Life is making music.  We hum, we sing to ourselves, movie music plays in our head as the soundtrack to our daily life. At least, it does if we stop for a moment and dare to listen.   We make music in many different ways.  Some play guitar.  Some are piano players.  And some of us are only player pianos.  Some of us make music by writing a themed paragraph like this one.  Others make an engine sing in the automotive shop.  Still others plant gardens and make flowers or tomatoes grow.  I chose teaching kids to read and write.  The music still swells in my ears four years after retiring.

The 1995 movie, Mr. Holland’s Opus, is about a musician who thinks he is going to write a magnificent classical orchestra opus while teaching music at a public high school to bring in money and allow him time to compose and be with his young wife as they start a new family.

But teaching is not, of course, what he thought it was.  He has to learn the hard way that it is not an easy thing to open up the closed little clam shells that are the minds of students and put music in.  You have to learn who they are as people first.  You have to learn to care about what goes on in their lives, and how the world around them makes them feel… and react to what you have to teach.  Mr. Holland has to learn to pull them into music appreciation using rock and roll and music they like to listen to, teaching them to understand the sparkles and beats and elements that make it up and can be found in all music throughout their lives.  They can even begin to find those things in classical music, and appreciate why it has taken hold of our attention for centuries.

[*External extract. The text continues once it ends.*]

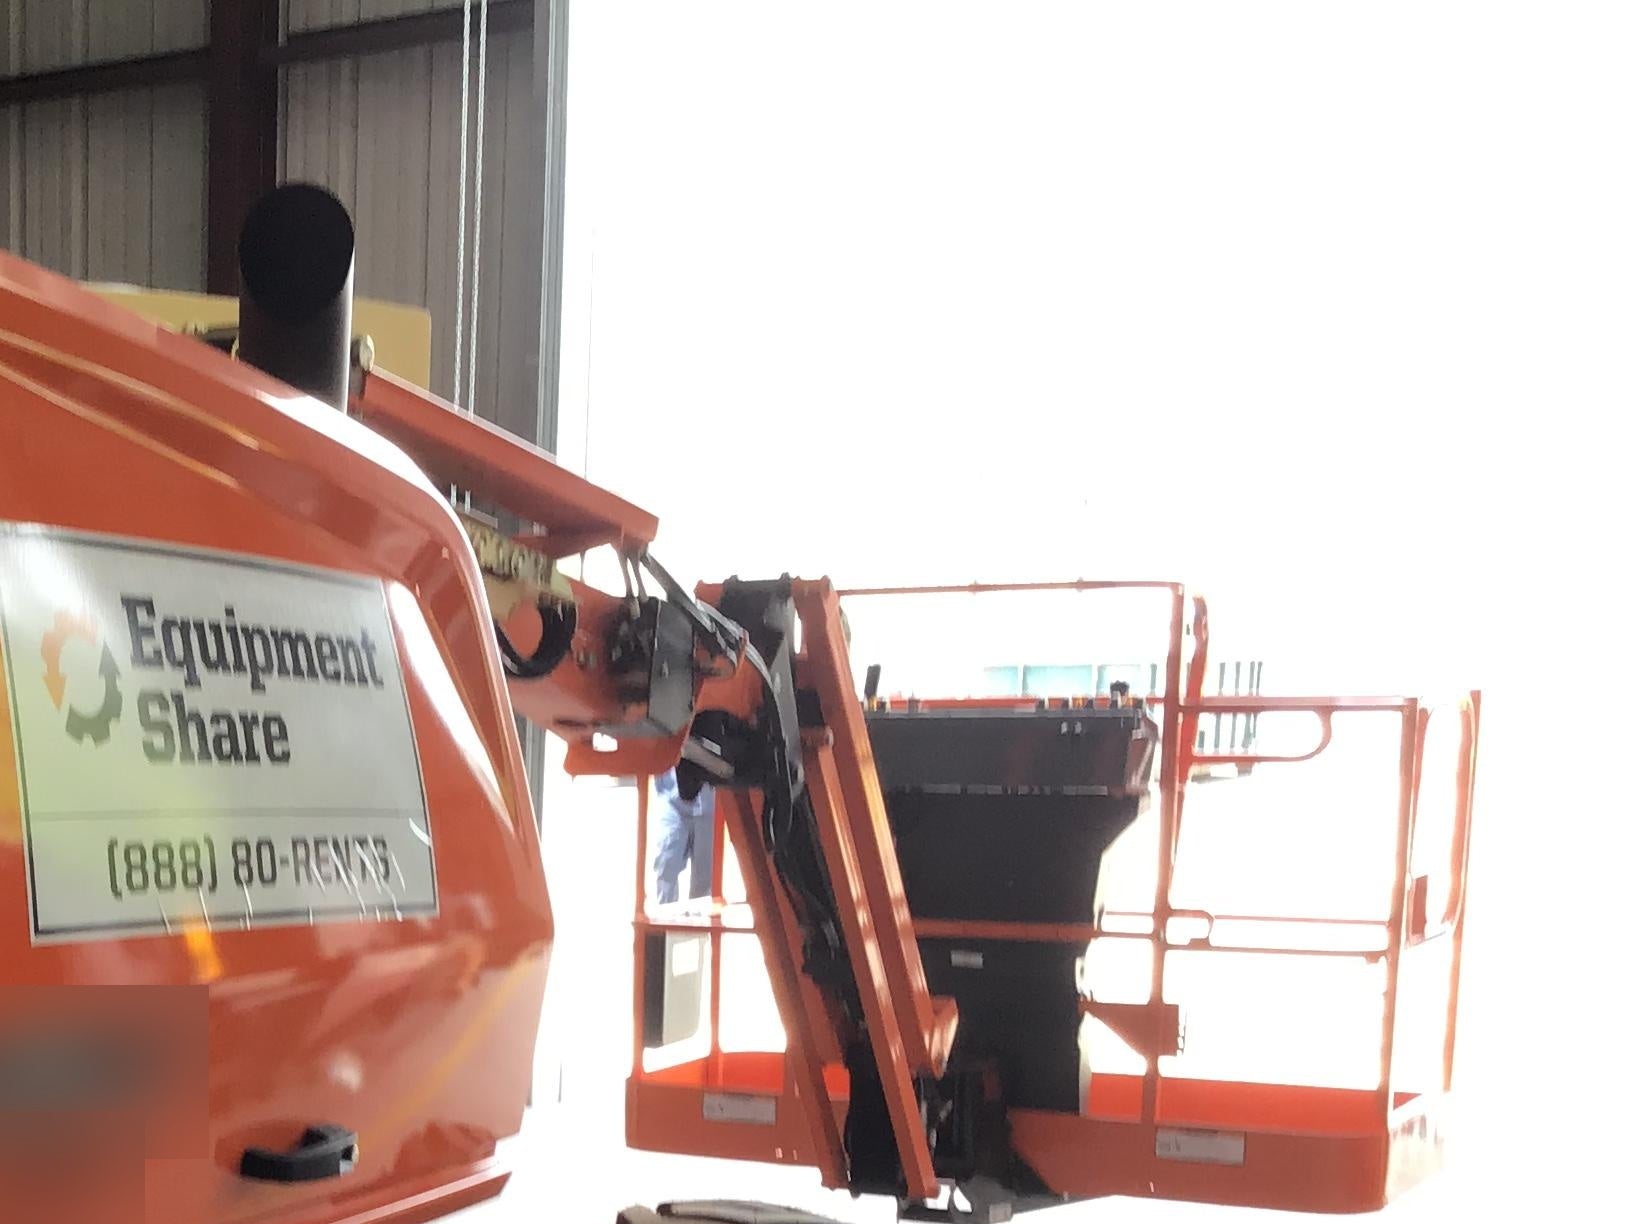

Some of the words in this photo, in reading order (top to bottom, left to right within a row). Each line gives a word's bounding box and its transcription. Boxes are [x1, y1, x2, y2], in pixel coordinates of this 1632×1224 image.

And teaching is not easy.  You have to make sacrifices.  Big dreams, such as a magnum opus called “An American Symphony”, have to be put on the shelf until later.  You have children, and you find that parenting isn’t easy either.  Mr. Holland’s son is deaf and can never actually hear the music that his father writes from the center of his soul.  And the issue of the importance of what you have to teach becomes something you have to fight for.  Budget cuts and lack of funding cripples teachers in every field, especially if you teach the arts.  Principals don’t often appreciate the value of the life lessons you have to give.  Being in high school band doesn’t get you a high paying job later.

But in the end, at the climax of the movie, the students all come back to honor Mr. Holland.  They provide a public performance of his magnum opus, his life’s work.  And the movie ends with a feeling that it was all worth it, because what he built was eternal, and will be there long after the last note of his music is completely forgotten.  It is in the lives and loves and memories of his students, and they will pass it on.

But this post isn’t a movie review.  This post is about my movie, my music.  I was a teacher in the same way Mr. Holland was.  I learned the same lessons about being a teacher as he did.  I had the same struggles to learn to reach kids.  And my Mr. Holland moment wasn’t anywhere near as big and as loud as Mr. Holland’s.  His was performed on a stage in front of the whole school and alumni.  His won Richard Dreyfus an Academy Award for Best Actor.  But his was only fictional.

Mine was real.  It happened in a portable building on the Naaman Forest High School campus.  The students and the teacher in the classroom next door threw a surprise party for me.  They made a lot of food to share, almost all of which I couldn’t eat because of diabetes.  And they told me how much they would miss me, and that they would never forget me.  And I had promised myself I would never cry about having to retire.  But I broke my promise.  In fact, I am crying now ten years later.  But they are not tears of sadness.  My masterwork has now reached its last, bitter-sweet notes.  The crescendos have all faded.  But the music of our lives will still keep playing.  And not even death can silence it completely.